Caroline Baicy: “Scattered Archives: The Philippine Exhibit and Igorrote Village at AYPE, 1909”.
Abstracts
Scattered Archives: The Philippine Exhibit and Igorrote Village at AYPE, 1909
Caroline Baicy
Between June 1 and October 16, 1909, Seattle held the Alaska-Yukon-Pacific Exposition (known as AYPE). Initially meant to display the economic potential of Alaska and the Yukon in the initial plan, it was expanded to include Seattle’s centrality in trade over the Pacific and its proximity to America’s colonies in the Pacific and Southeast Asia. In its inclusion of the Pacific, AYPE became a space where the Philippines and its people, more specifically ethno-linguistic groups from what is now the Cordillera Administrative Region, were put on display through the federal government and private enterprise.
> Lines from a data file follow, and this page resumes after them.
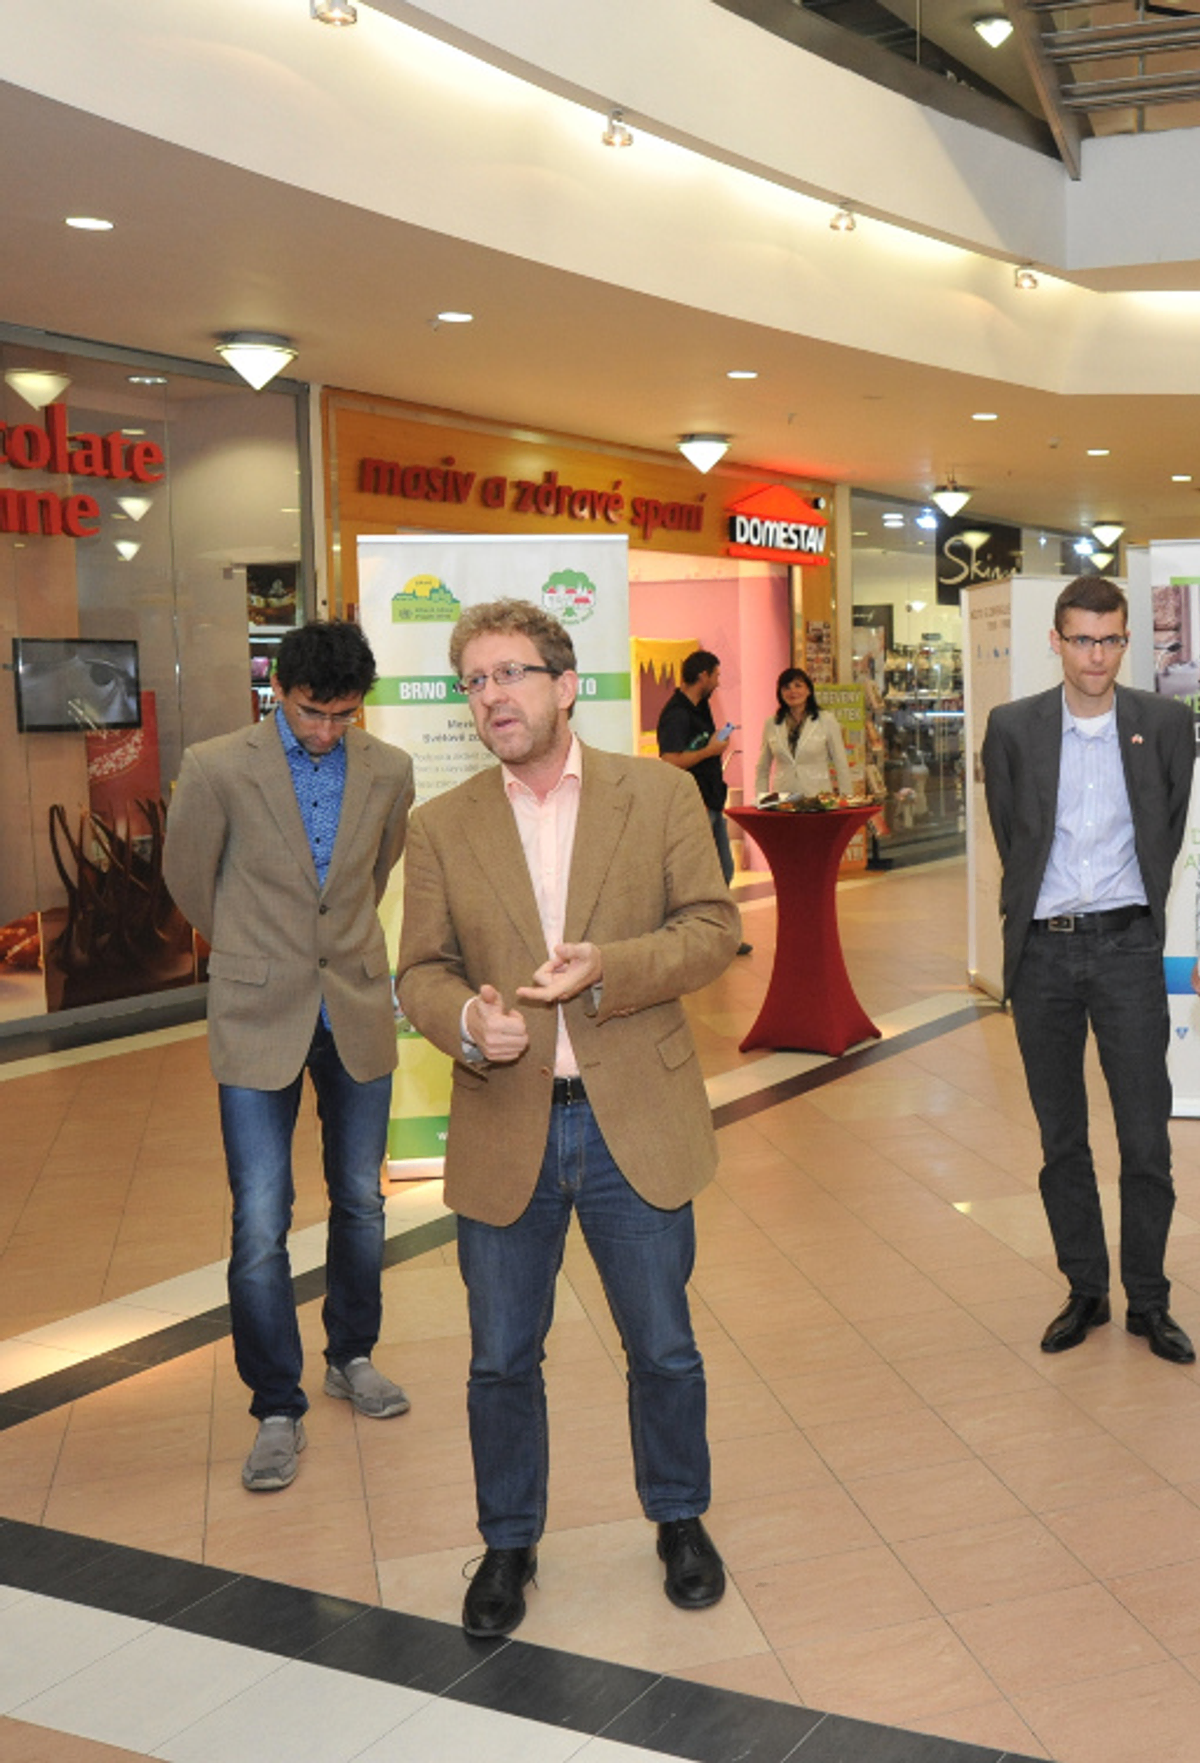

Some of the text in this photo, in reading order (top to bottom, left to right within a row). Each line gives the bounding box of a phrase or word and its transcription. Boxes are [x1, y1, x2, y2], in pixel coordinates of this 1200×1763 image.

[358, 455, 708, 540] masiv a zdravé spaní
[735, 514, 827, 554] DOMESTAV
[399, 682, 447, 700] BRNO
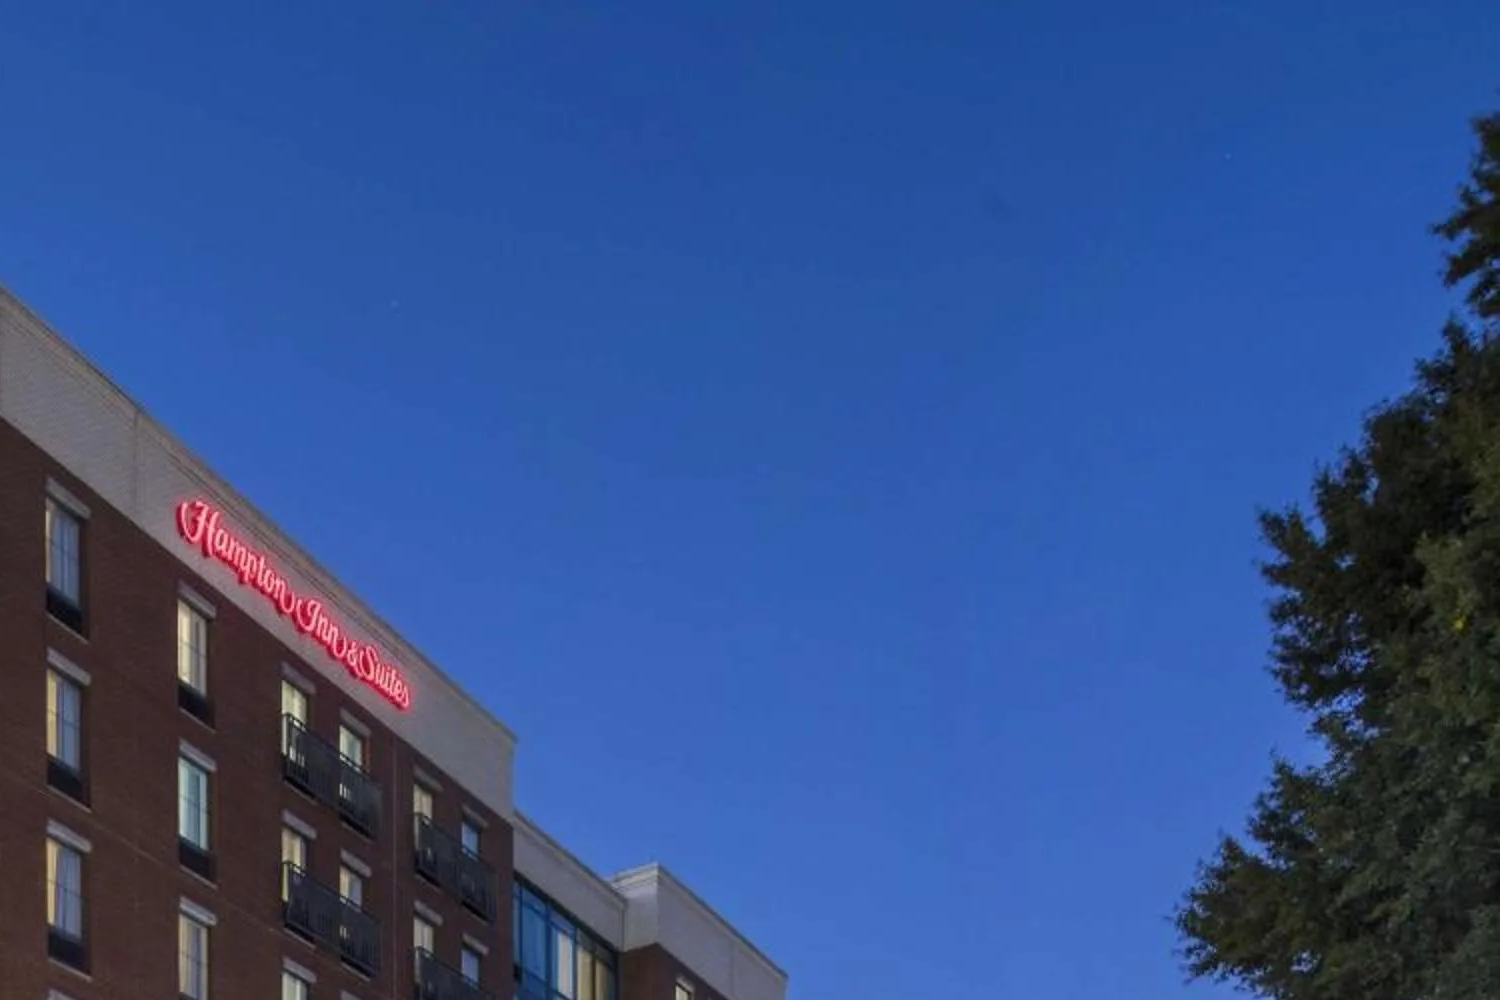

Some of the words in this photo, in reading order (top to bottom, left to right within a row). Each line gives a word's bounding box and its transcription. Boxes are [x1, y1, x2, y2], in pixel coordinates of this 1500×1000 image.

[177, 500, 296, 617] Hampton
[293, 599, 348, 660] Inn
[354, 646, 411, 711] Suites
While scholars such as Robert Rydell, Matthew Klingle, and John Putman have discussed the planning and vision of the AYPE, the purpose of this presentation will focus on the process of remembering and imagining the Philippine Exhibit and the Igorrote Village. It will consider how the scattered nature of the archival material on the Philippine Exhibit and the Igorrote Village allows for a multivalent process of remembering the AYPE.
Wayang and revolusi: Tristuti Rachmadi’s shadow play manuscripts at the University of Washington
Dimas Romadhon
In the middle of the global Cold War, Javanese shadow play (wayang) became a strategic medium to promulgate various contesting ideologies in Indonesia. Between 1959 to 1965, the Indonesian Communist Party (PKI) and its cultural front, Lekra, sought to modernize wayang performance, to release it from its feudal values, and to use it as a means of revolution. Pioneer to this effort was Tristuti Rachmadi (1939-2009). Tristuti was a prominent shadow master (dalang) who won the national dalang competition and was known for his affiliation with Lekra. During the political chaos in 1965, he was arrested and later exiled to Buru until 1979. After his release, he was not allowed to perform for another 20 years, which makes his names unknown among contemporary wayang audience. During his prohibition from performing, Tristuti wrote hundreds of wayang scripts for other dalang. His manuscripts circulated discreetly and anonymously among dalang communities and continued to shape the wayang storytelling style in Surakarta until nowadays. This presentation suggests that Tristuti Rachmadi’s manuscript collection, currently stored at the University of Washington, provides an important trajectory to understand what happened to the traditional performing arts during the occurrence of Cold War scenes in Indonesia and, potentially, the possible confluence of communism and the Javanese values.